Third Party Providers: Open Banking
Open Banking is the name used by the financial industry to talk about services which let account holders share their financial information and give permission for banks and other authorised organisations to make payments from certain accounts.
Open Banking was introduced by the UK’s Competition and Markets Authority (CMA) to bring more competition and innovation to the financial services industry. It works using a secure system to let you register with other banks or authorised organisations (known as third-party providers, or TPPs) and tell your bank to let them see and use your payment account details.
It's up to you if you want to share your data. Open Banking gives the opportunity to share your information, but only if you expressly give your permission.
Payment Services Directive
The Payment Service Directive (PSD) is European law, which is translated into UK law as the Payment Services Regulation. This law tells banks and other providers how they have to process payments and other services linked to providing payment services. The PSD was updated, and one of the changes introduced similar services to those contained in the UK’s Open Banking rules.
The PSD changes mean that TPPs can (with your express permission) see information about accounts and make payments on your behalf. This applies to any payment accounts you can use online (such as current accounts, credit cards and some savings accounts).
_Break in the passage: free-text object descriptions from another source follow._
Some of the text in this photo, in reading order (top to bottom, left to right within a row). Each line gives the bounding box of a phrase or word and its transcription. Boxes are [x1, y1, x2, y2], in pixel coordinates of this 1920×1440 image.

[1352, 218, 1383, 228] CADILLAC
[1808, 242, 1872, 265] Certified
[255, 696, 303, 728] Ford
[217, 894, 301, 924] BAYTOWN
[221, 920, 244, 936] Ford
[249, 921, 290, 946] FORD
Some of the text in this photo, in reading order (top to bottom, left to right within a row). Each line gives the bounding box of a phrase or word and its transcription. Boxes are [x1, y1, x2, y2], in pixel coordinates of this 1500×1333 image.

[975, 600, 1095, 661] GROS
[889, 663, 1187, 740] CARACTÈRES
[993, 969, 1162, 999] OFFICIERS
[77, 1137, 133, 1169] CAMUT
Following a number of changes to the law and regulation you can now give certain permitted companies (third party providers or TPPs) access to some of your accounts, so they can provide the services below.
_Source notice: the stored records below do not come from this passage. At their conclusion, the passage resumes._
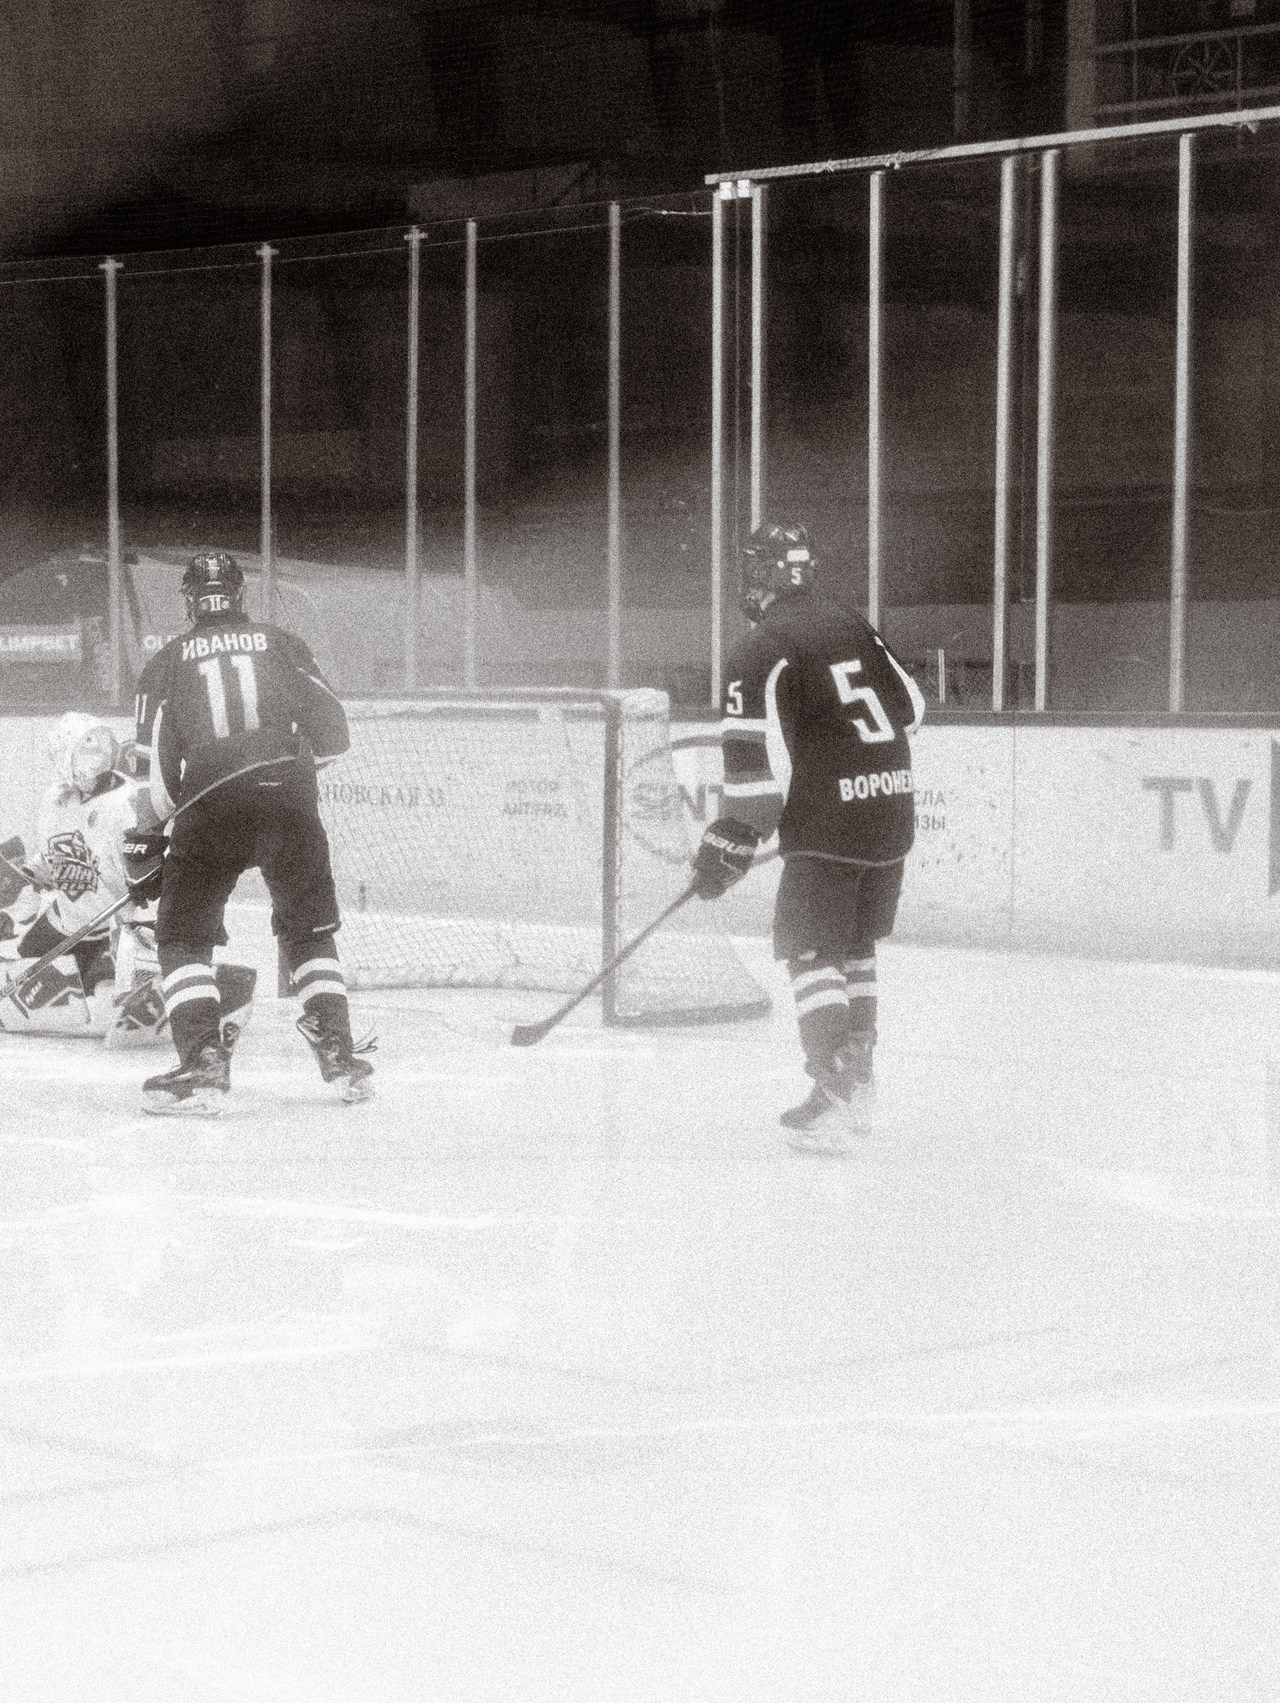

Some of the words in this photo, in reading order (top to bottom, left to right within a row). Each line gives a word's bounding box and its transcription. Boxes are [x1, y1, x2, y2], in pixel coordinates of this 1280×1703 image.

[182, 631, 267, 660] ИВАНОВ
[197, 653, 260, 741] 11
[725, 679, 744, 716] 5
[827, 658, 896, 744] 5
[1141, 776, 1252, 853] TV
- Account aggregation: see your accounts with different providers all in one place in a mobile app or online. Banks, building societies and price comparison websites will be some of the companies providing this type of service.
- Payment initiation: online payments can be made on your behalf, as an alternative to using your debit or credit card. Some online retailers will be providing this service.
- Confirmation of funds: the ability for a TPP to be able to confirm if you have available funds before you use their card for a purchase.
Third-party providers can only access your information and provide these type of services if you’re registered for Online Banking and give your consent.
- Before you give consent for any third party provider (TPP) to access your accounts, it’s important that you understand the services they’re providing and how they’ll use your information, including if they’ll be sharing it with anyone. You should also take reasonable steps to ensure that the company is legitimate. Please see our ‘Be safe’ section below for more details.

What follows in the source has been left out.